# snow hauling



## Green Grass (Dec 5, 2006)

Not new to plowing but going to start hauling next winter with some of our dump trucks. Wondering what guys are charging for which size trucks?


----------



## Mackman (Nov 3, 2009)

Green Grass;1275566 said:


> Not new to plowing but going to start hauling next winter with some of our dump trucks. Wondering what guys are charging for which size trucks?


Tri/axle dump truck. 105/hr


----------



## MatthewG (Jun 16, 2009)

Subs charge me 75-90 an hour I then charge the customer 125 either way 
Tri Axle only


----------



## BillyRgn (Jan 28, 2004)

I had a guy charging me 70 per hour for a tri-axle. However I know guys get up to 100 per hour for there tri-axles. Not much of a market for smaller trucks when it comes to hauling snow so I am not to familiar with prices on smaller trucks .


----------



## ryde307 (Dec 3, 2009)

anywhere from 55-100 hr. Depends on work load. Trucks didn't work very cheap this year due to lots of work out there but in slow years its easy to find trucks for 60hr. We use 40yard roll offs for 85 hr. Its hard for any triaxle to compete with that.


----------



## Morrissey snow removal (Sep 30, 2006)

$175 hr triaxle and loader


----------



## justme- (Dec 28, 2004)

FWIW, when I ran my Dump, I would base my prices off the State pay schedule and adjust from there. Good place to start.


----------



## Mackman (Nov 3, 2009)

justme-;1276146 said:


> FWIW, when I ran my Dump, I would base my prices off the State pay schedule and adjust from there. Good place to start.


I agree.

But the problem is where i live there are so many dump trucks. There are always one guy that can work alittle cheaper then you. For snow work i get 105/hr and normal work i get 80/hr.

There are still guys working for 70-75/hr with the price of fuel. Crazy.


----------



## alpine779 (Feb 16, 2010)

Wow you guys get paid good coin to haul snow in the states. We get 65hr if your lucky for a triaxle (min 19ft box length) anything under that size is 50-55hr. your talkin around $5.00 a gallon and up right now for fuel too! Not really worth runnin a truck, money is in the loader and the plowin. You do okay too if you own the property where the snow is being dumped.


----------



## blowerman (Dec 24, 2007)

Quads go for $70-85 per hour. 
Are you trying to truck snow? Or, hire out for trucking? 
There is no money in trucking, hire it out and forget about it!


----------



## Mackman (Nov 3, 2009)

blowerman;1276235 said:
 

> There is no money in trucking, hire it out and forget about it!


There is some money in trucking if you know how to play your cards right.

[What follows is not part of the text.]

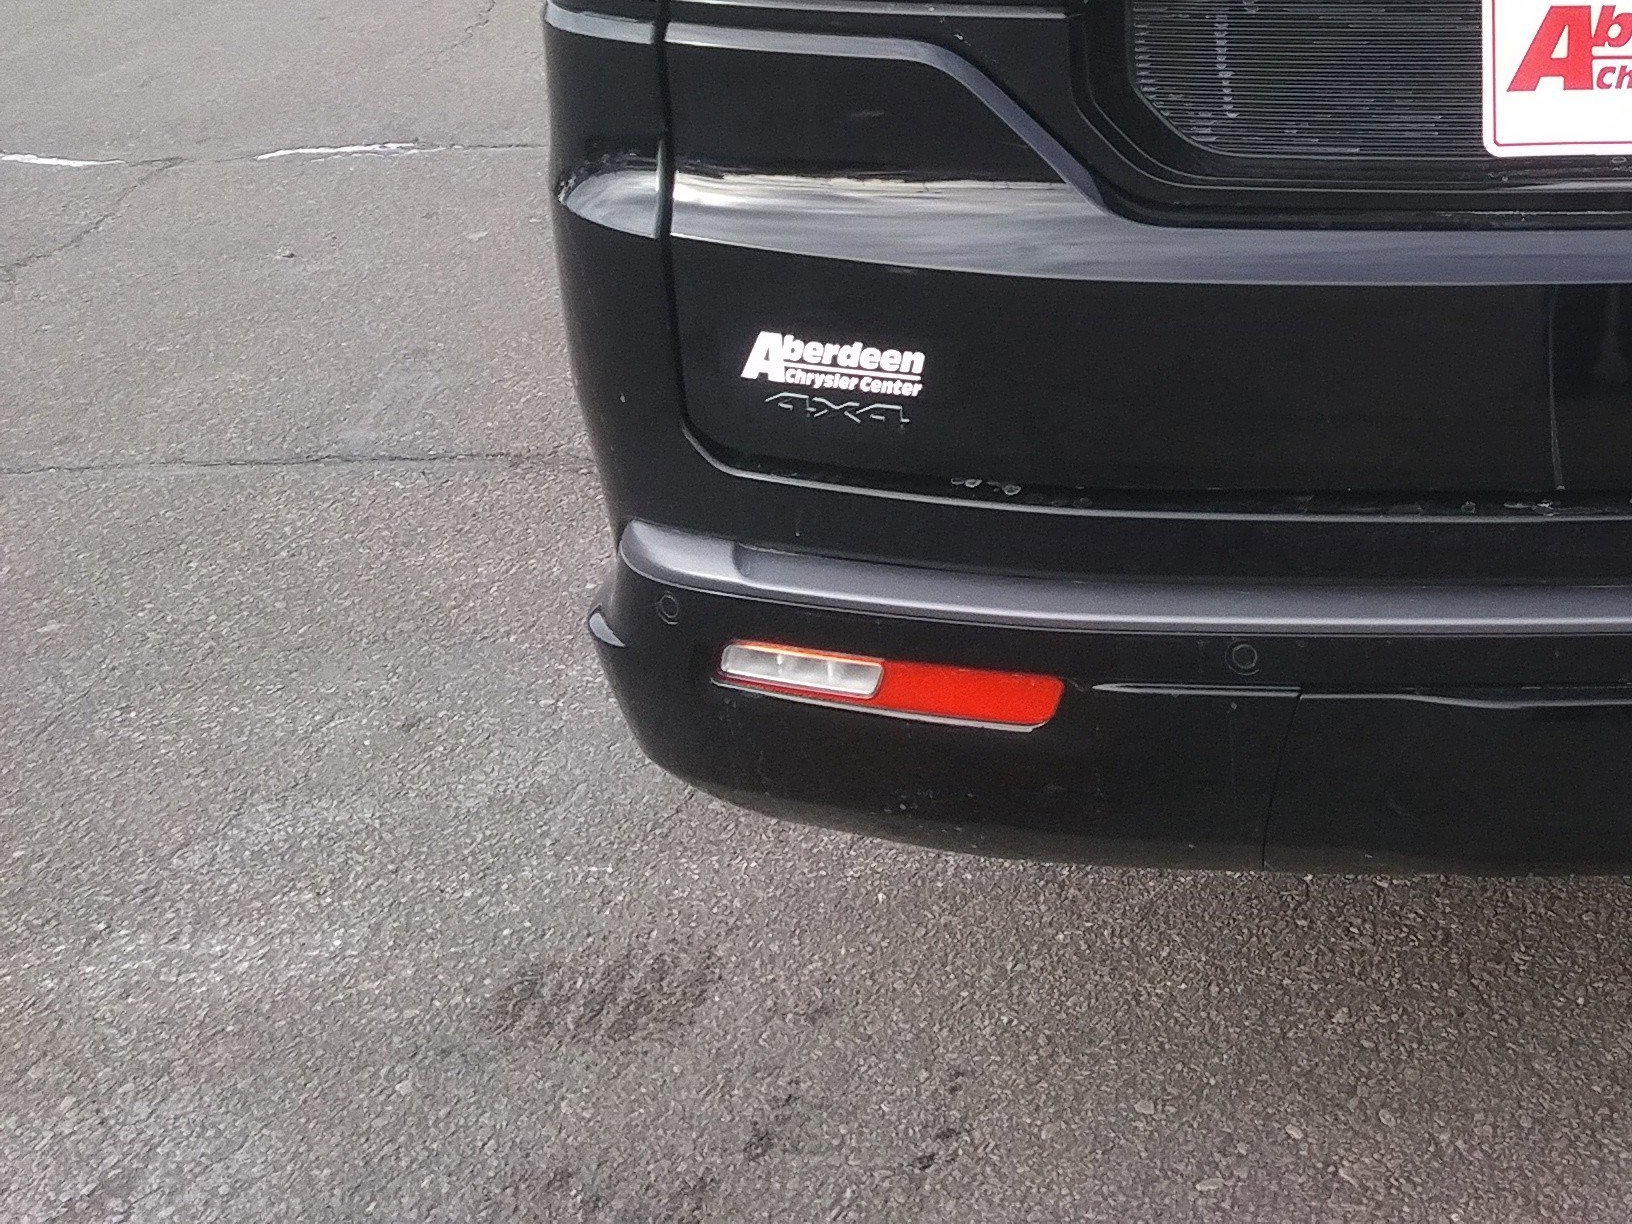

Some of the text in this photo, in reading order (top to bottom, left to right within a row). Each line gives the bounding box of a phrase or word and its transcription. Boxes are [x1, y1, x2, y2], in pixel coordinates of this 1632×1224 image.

[740, 331, 926, 383] Aberdeen
[785, 368, 923, 398] Chrysler Center

But to go out and buy one just for hauling snow. That would be dumb it would never pay for its self.


----------



## BillyRgn (Jan 28, 2004)

The guys in my area take snow as an extra, most haul asphalt, rock and dirt in the spring summer and fall and there trucks are sitting in the winter. So if they make a little something here and there hauling snow, it is just a little cash bonus


----------



## justme- (Dec 28, 2004)

Mackman;1276181 said:


> I agree.
> 
> But the problem is where i live there are so many dump trucks. There are always one guy that can work alittle cheaper then you. For snow work i get 105/hr and normal work i get 80/hr.
> 
> There are still guys working for 70-75/hr with the price of fuel. Crazy.


So what you're saying is there are lowballers in the hauling side too... no surprise especially in this economy. I'd sure as heck run my truck for cost (possibly at a small loss) if I were out of work and in strong need of cash flow.


----------